La danse et les chorégraphes :

Anna Halprin

Trisha Brown

Ohad Naharin

Benjamin Millepied

 

 

D COMME DANCE – Trisha Brown

Dans les pas de Trisha Brown. Glacial Decoy à l’Opéra.

De Marie-Hélène Rebois, France, 2016, 1H20.

Décidemment danse et cinéma font toujours aussi bon ménage. Comme ont pu le montrer les grands « classiques » que sont Le Ballet de l’Opéra de Paris de Frederick Wiseman, ou le Pina de Wim Wenders. Mais aussi des films consacrés à des chorégraphes moins connus en France des non- spécialistes, comme l’israélien Ohad Naharin ou Anna Halprin. Et puis l’Opéra de Paris est un lieu qui recèle tant de richesses, aussi bien architecturales que culturelles qu’il ne peut qu’attirer les cinéastes (par exemple L’Opéra de Jean-Stéphane Bron), d’autant plus que son histoire récente a été souvent assez mouvementée (comme le montre Relève de Thierry Demaizière et Alban Teurlai)

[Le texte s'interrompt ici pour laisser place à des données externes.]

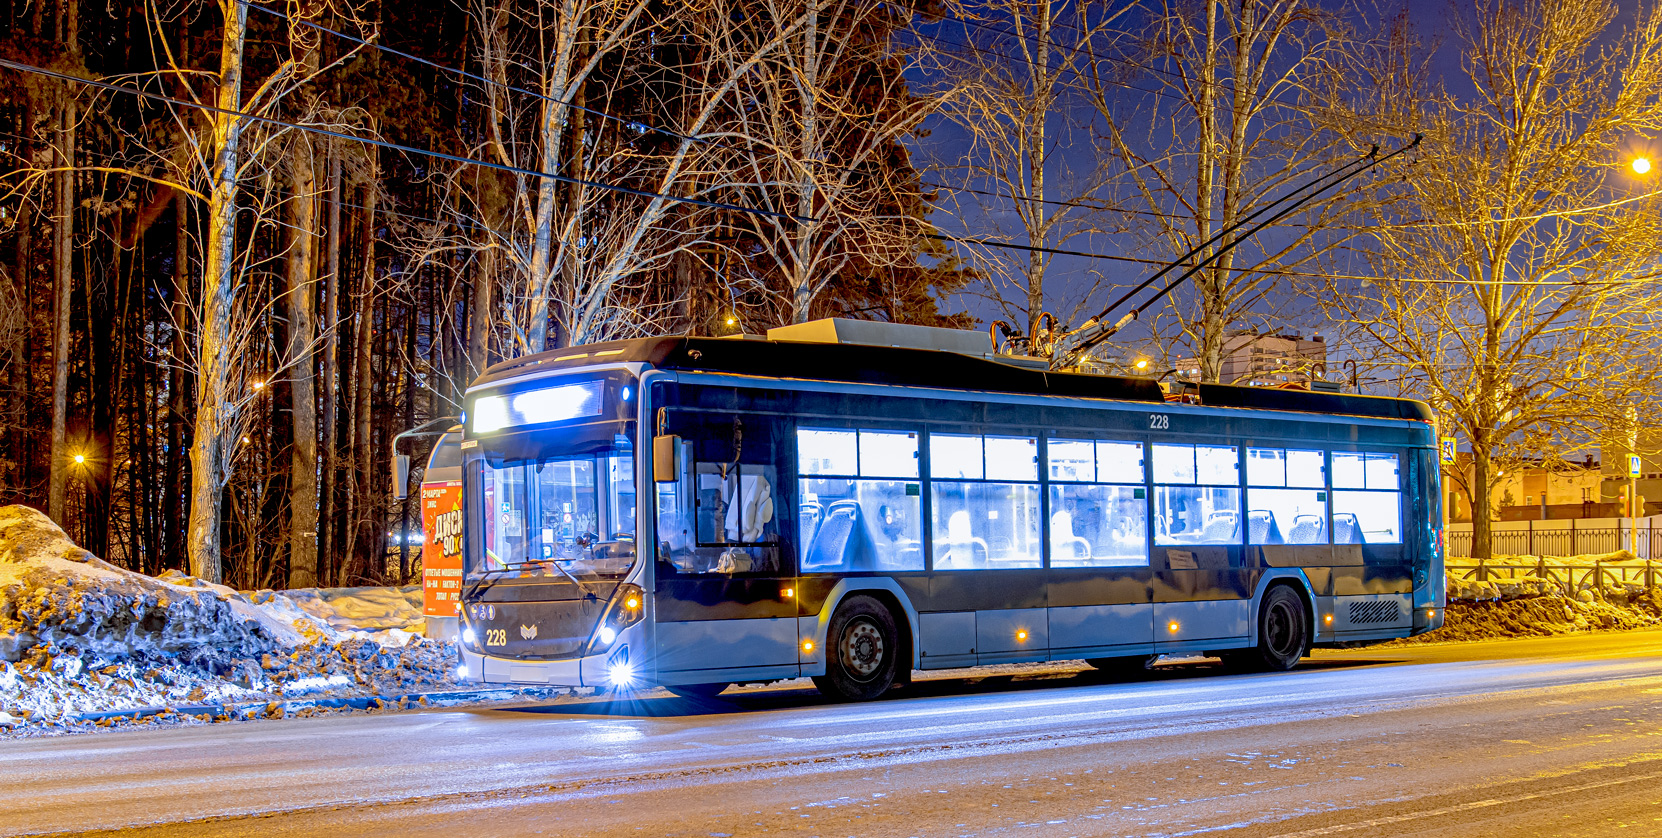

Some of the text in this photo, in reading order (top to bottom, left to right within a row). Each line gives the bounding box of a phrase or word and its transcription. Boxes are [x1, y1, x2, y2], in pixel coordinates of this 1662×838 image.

[1150, 414, 1169, 429] 228
[422, 490, 427, 499] 2
[427, 490, 440, 498] МАРТА
[425, 568, 441, 577] ОТПЕТЫЕ
[486, 629, 507, 647] 228

Ce nouvel épisode est consacré à l’entrée au répertoire de la célèbre œuvre de Trisha Brown, Clacial Decoy. Une occasion unique de découvrir cette chorégraphe, et danseuse, américaine, décédée en mars 2017.

Le film de Marie-Hélène Rebois n’est pourtant pas directement consacré à Trisha Brown, même si la dimension hommage n’en est pas absente. Mais la cinéaste ne trace pas son portrait, et si le film évoque quand même sa personnalité, c’est plutôt de façon indirecte, dans les propos que peuvent tenir quelques-uns de ces proches, et surtout dans la continuation de son travail, entrepris par deux de ses anciennes danseuses, Lisa Kraus et Carolyn Lucas,  dans le cadre de l’Opéra de Paris.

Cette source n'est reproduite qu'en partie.